Derebit’s Bitcoin Volatility Index (DVOL) just fell to 52, its lowest level since the 8th of March.
The drop to fresh more than six-week lows comes despite the Bitcoin price’s recent pullback from the 10-month highs it hit last week above $31,000.
BTC was last changing hands in the mid-$27,000s as a barrage of key macro risk events loom in the coming two weeks.
This week sees the release of the first estimate of US GDP growth in Q1 this year on Thursday and the release of the Fed’s favored monthly inflation gauge (the Core PCE report) on Friday.
Major US tech behemoths like Amazon, Apple, Microsoft and Google will also be reporting earnings this week, which could also have a big impact on macro sentiment.
Next week then sees the release of monthly US ISM PMI survey and jobs data, as well as a rate decision from the US central bank.
The Fed is seen lifting interest rates by a further 25 bps from 4.75-5.0% to 5.0-4.25%, though money markets currently imply this will be the last rate hike of the cycle, with a rate-cutting cycle likely to begin later this year.
The drop in Bitcoin volatility expectations, as represented by the drop in DVOL, suggests that traders/investors view the recent BTC price pullback as making it more likely that the weeks ahead will see Bitcoin consolidate within recent ranges (i.e. in the $25,000-$30,000 area) rather than continue with aggressive pushes higher, as was seen in March when Bitcoin bounced rapidly from a brief dip under $20,000.
Alternative measures of Bitcoin volatility expectations in the form of implied volatility according to At-The-Money (ATM) option pricing are also hovering close to recent lows.
But traders shouldn’t discount the risk that upcoming macro risk events can upend the market.
Keep an Eye on These BTC Price Levels
The $27,000 and $28,000 levels are the most immediate levels for traders to keep and eye on at the start of the week, as they mark recent intra-day highs and lows, with the 50-Day Moving Average also sat at $27,120.
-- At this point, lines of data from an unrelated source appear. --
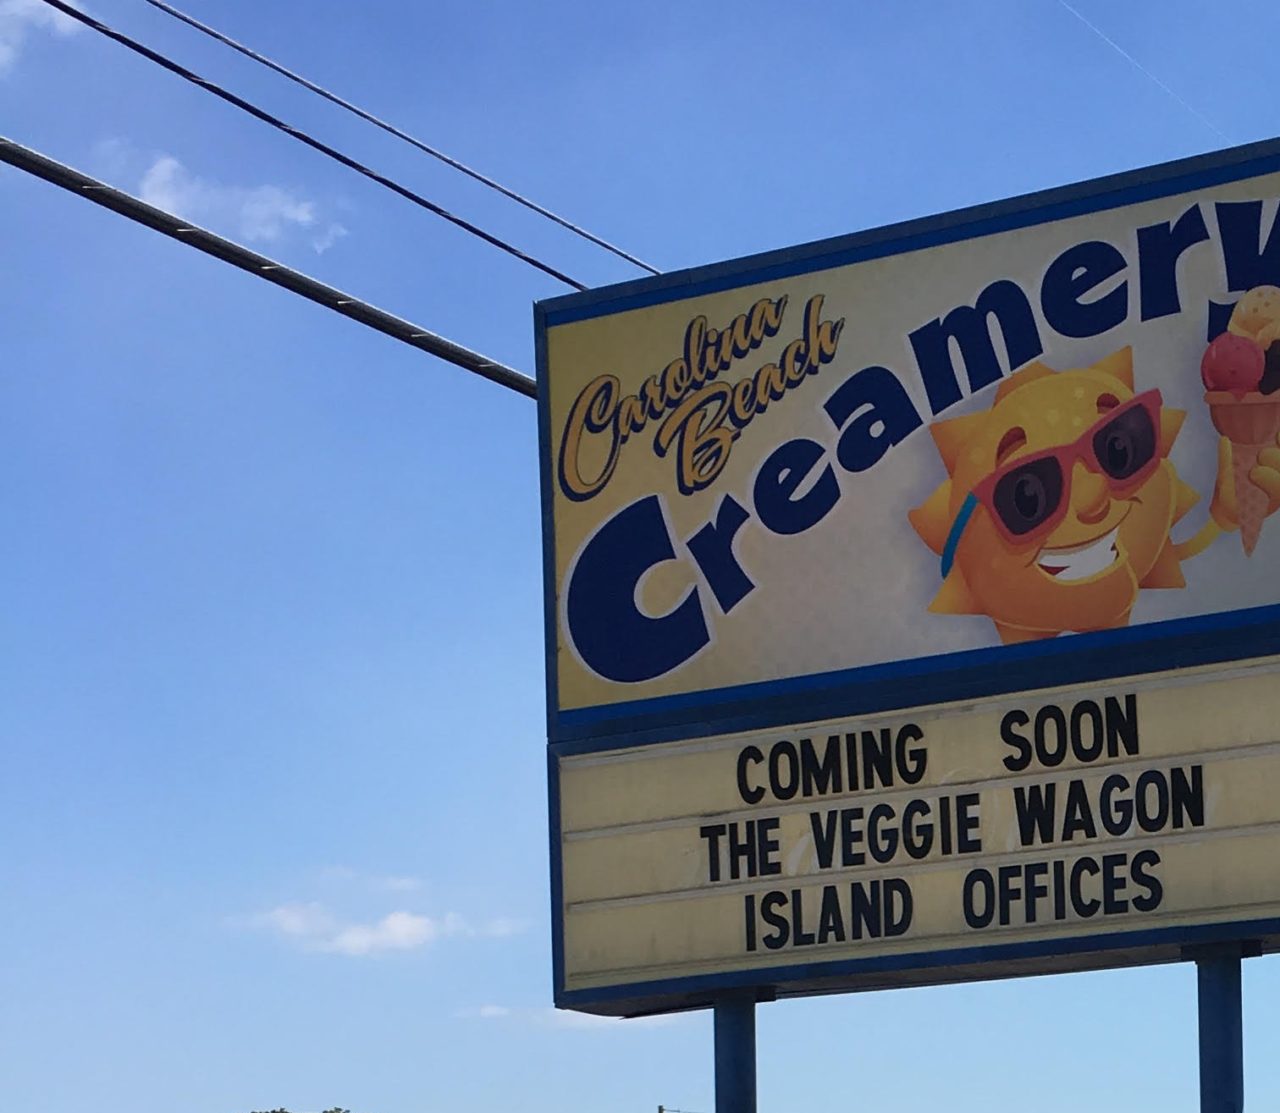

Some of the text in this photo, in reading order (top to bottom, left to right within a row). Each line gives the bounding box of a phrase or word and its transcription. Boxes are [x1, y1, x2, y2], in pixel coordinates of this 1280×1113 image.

[558, 294, 788, 501] Carolina
[653, 294, 845, 495] Beach
[737, 694, 1139, 804] COMING SOON
[700, 765, 1205, 882] THE VEGGIE WAGON
[745, 850, 1163, 952] ISLAND OFFICES
To the downside, the $26,500 area proved a key zone of resistance-turned-support back in March and could offer decent intraday support was Bitcoin to fall back to these levels this week.
If the bears really gain control, a test of key long-term resistance in the $25,200-400 area is on the cards.
Meanwhile, to the upside, the $28,800-$29,300 area marks a series of late-March/early-April highs and the 21-Day Moving Average.
These levels could combine with a recently broken uptrend from late March to offer solid intraday resistance were the bulls to regain control.
A recent trading signal that fired off midway through last week highlighted by Bloomberg suggests that a rebound back above $30,000 within the next few days is likely based on historical price action patterns.
More broadly, even if Bitcoin was to drop back to the $25,000s, that is much more likely to be viewed as a great buying opportunity by market participants than a catastrophe.
With numerous long-term on-chain indicators flashing a buy signal for Bitcoin and with long-term market cycle analysis suggesting that the cryptocurrency is in the early stages of a bull market, long-term focused dip-buyers are likely to keep the BTC price supported for the foreseeable future.